Further, when reading data from the area 2 of the optical disk device A 102 and the area 3 of the optical disk device B 104, 16 kByte * 7 / 1.03 for reading seven 16 kByte data from the optical disk device A as shown in (FIG. 6). = 10
In 8.7 milliseconds, the optical disc device B reads 9 pieces of 16 kByte data, and therefore requires 16 kByte * 9 / 1.22 = 118.0 milliseconds data read time. Therefore, this reading requires 118 milliseconds, and the reading speed in this case is 2.17 MByte / second. The read data are connected by the control circuit 106 and sent to the external device 200.

That is, the speed at the time of writing and reading the data can be averaged from 2.17 MByte to 2.23 MByte.

Therefore, the data from the external device 200 is divided by the control device 106 at the time of writing the data as described above, and it is predetermined in the area from the inner circumference to the outer circumference of the two optical discs corresponding to the writing speed. It is possible to average the writing and reading speeds for the two optical disks by writing the data at a ratio and by connecting the data read from the two optical disks by the control device 106 when reading the data. Become.

In this embodiment, the storage device with a constant angular velocity is an optical disk, but another storage device may be used as long as it satisfies the condition with a constant angular velocity.

In this embodiment, the number of divisions from the inner circumference to the outer circumference of the optical disc is set to 4, and the number of optical discs is limited to 2. However, even if the number of optical discs is more than this, it is possible to combine the areas. If so, there is no particular problem.

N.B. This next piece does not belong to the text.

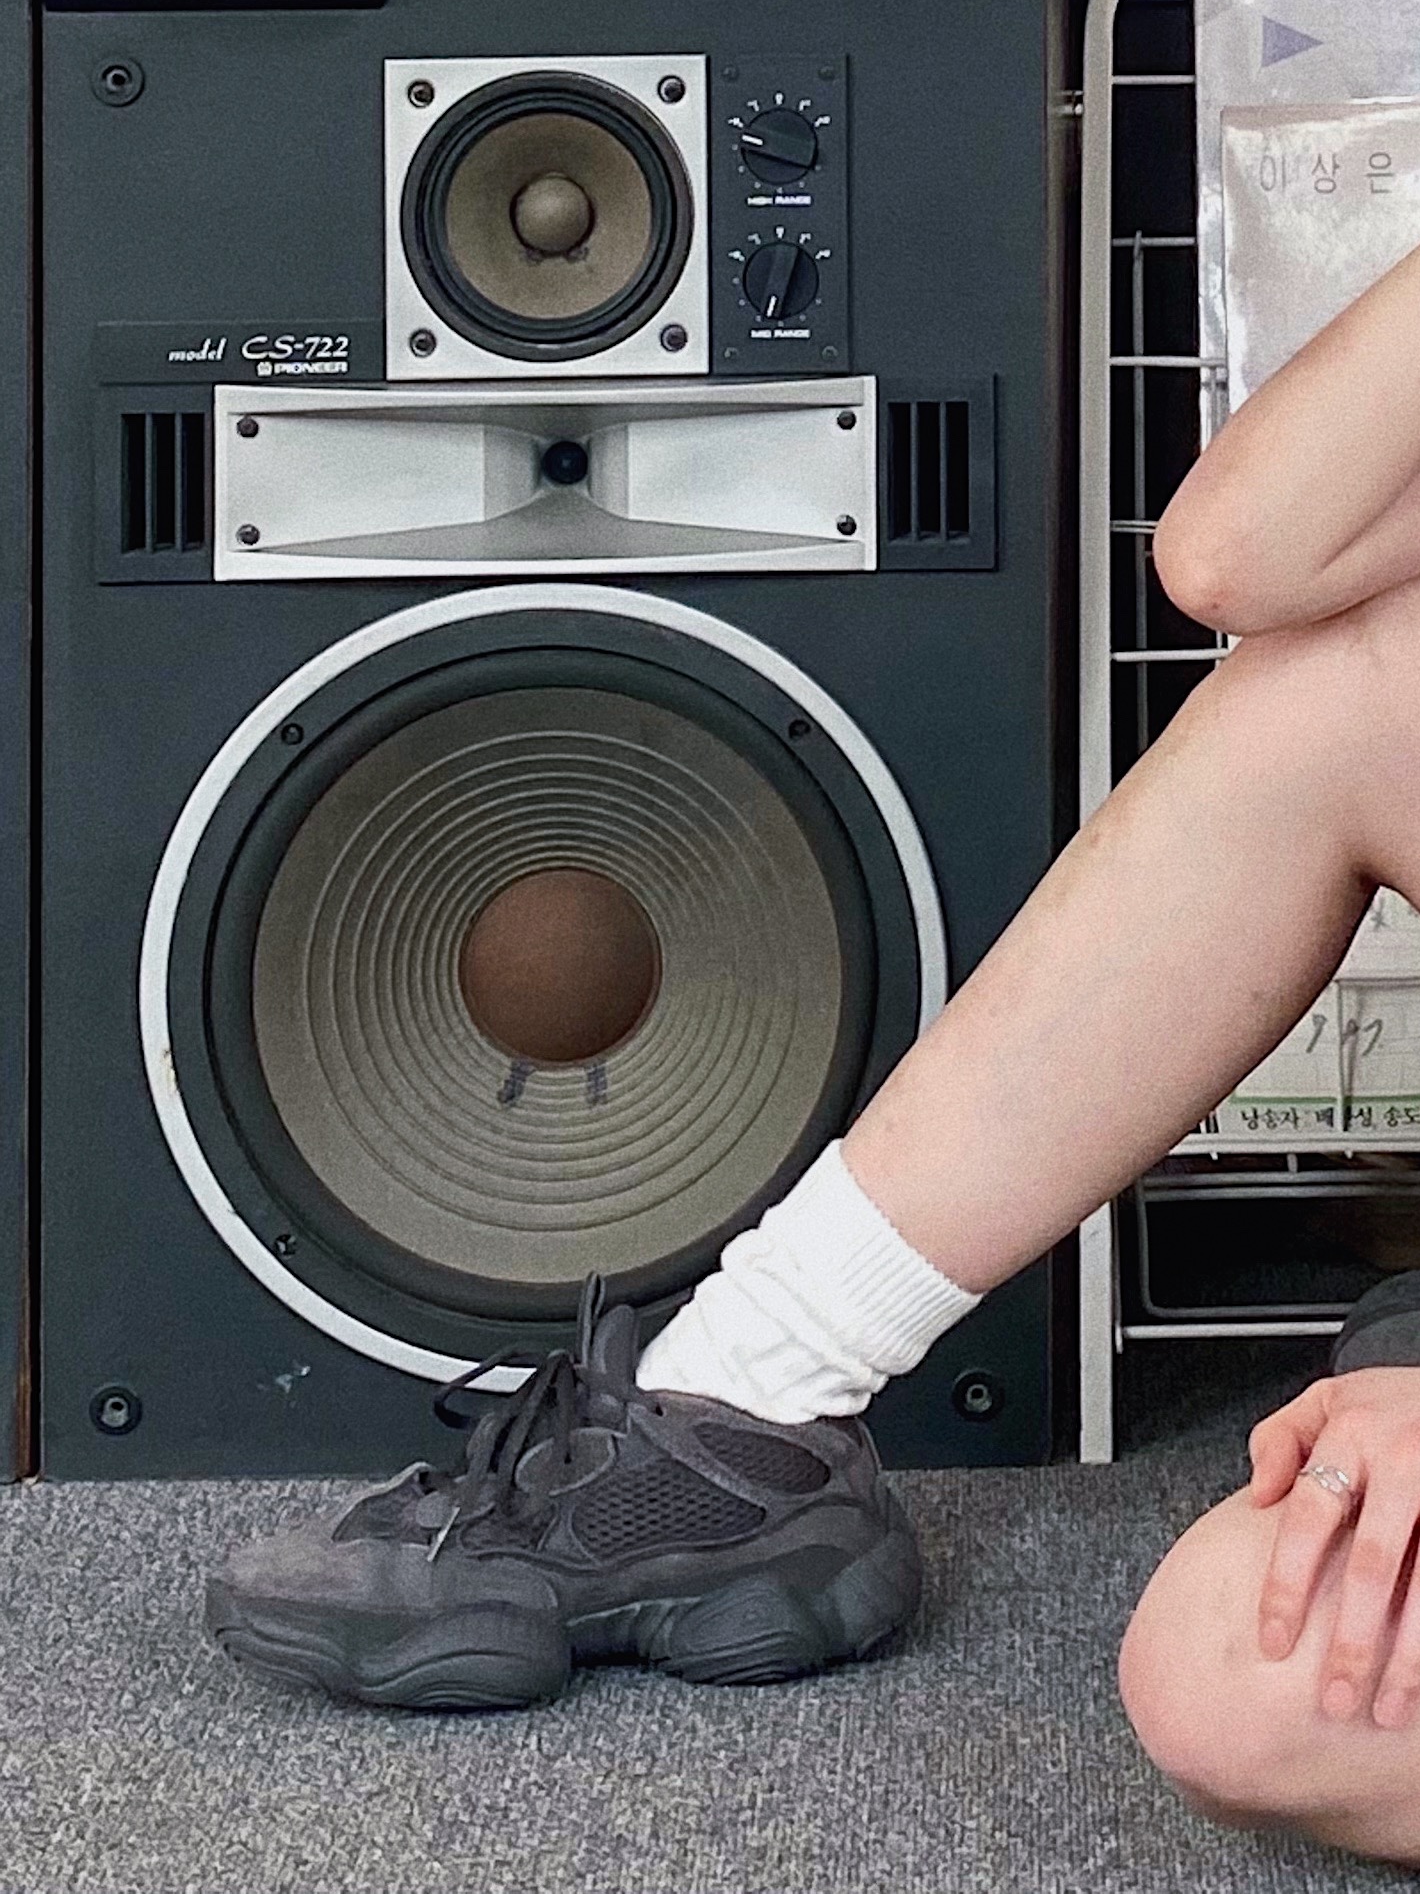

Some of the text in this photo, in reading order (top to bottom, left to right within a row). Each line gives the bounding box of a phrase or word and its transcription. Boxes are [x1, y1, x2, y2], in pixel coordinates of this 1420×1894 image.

[774, 329, 810, 338] RANGE
[168, 335, 349, 361] model CS-722
[274, 362, 348, 374] PIONEER

(Second Embodiment) Next, a second embodiment of the present invention will be described.

FIG. 7 shows the structure of the data storage device of this embodiment. In FIG. 7, 102 is an optical disk device A for storing data in the data storage device 108, and 104 is an optical disk device B for storing data in the data storage device 108.

Reference numeral 110 is area information for storing the positions of the divided areas of the optical disk device 102 and the optical disk device 104 and the writing and reading speeds.

111 reads the value of the area information 110,
It is a division size calculation means for determining the size of the division data to be written in the optical disc device 102 and the optical disc device 104 so that the times of reading are the same.

When writing data from the outside, 106 simultaneously divides the data divided by the division size calculating means 111 into areas obtained by dividing the areas of the optical disk device 102 and the optical disk device 104 into a plurality of areas from the inner circumference to the outer circumference. This is a control device for simultaneously reading and connecting data stored separately in the optical disk device 102 and the optical disk device 104 at the time of writing and reading of data.

Reference numeral 112 holds all address information of the optical disk device 102 and the optical disk device 104, and the control device 106.
Records the position when the data is written by the controller 1
It is a disk address management means for giving an address when reading the data of 06.

Reference numeral 200 denotes the data storage device 108 of the present invention.
It is an external device for writing and reading data to and from. For example, the external device 200 may be a normal workstation or the like, and the external device 200 and the data storage device 10 may be used.
8 is connected by a general interface such as SCSI.

An embodiment will be described below with reference to (FIG. 7) and the above (FIG. 2). It is assumed that the external device 200 writes data of 256 kBytes as shown in FIG.
In this case, the control device 106 that received this data
A value of the division size is requested to the division size calculation means 111. At this time, the minimum unit of size is 1 kByte due to the limitation of the present disk device, so 256 kByte data is divided into 256 units of d1 to d256 as shown in (FIG. 8).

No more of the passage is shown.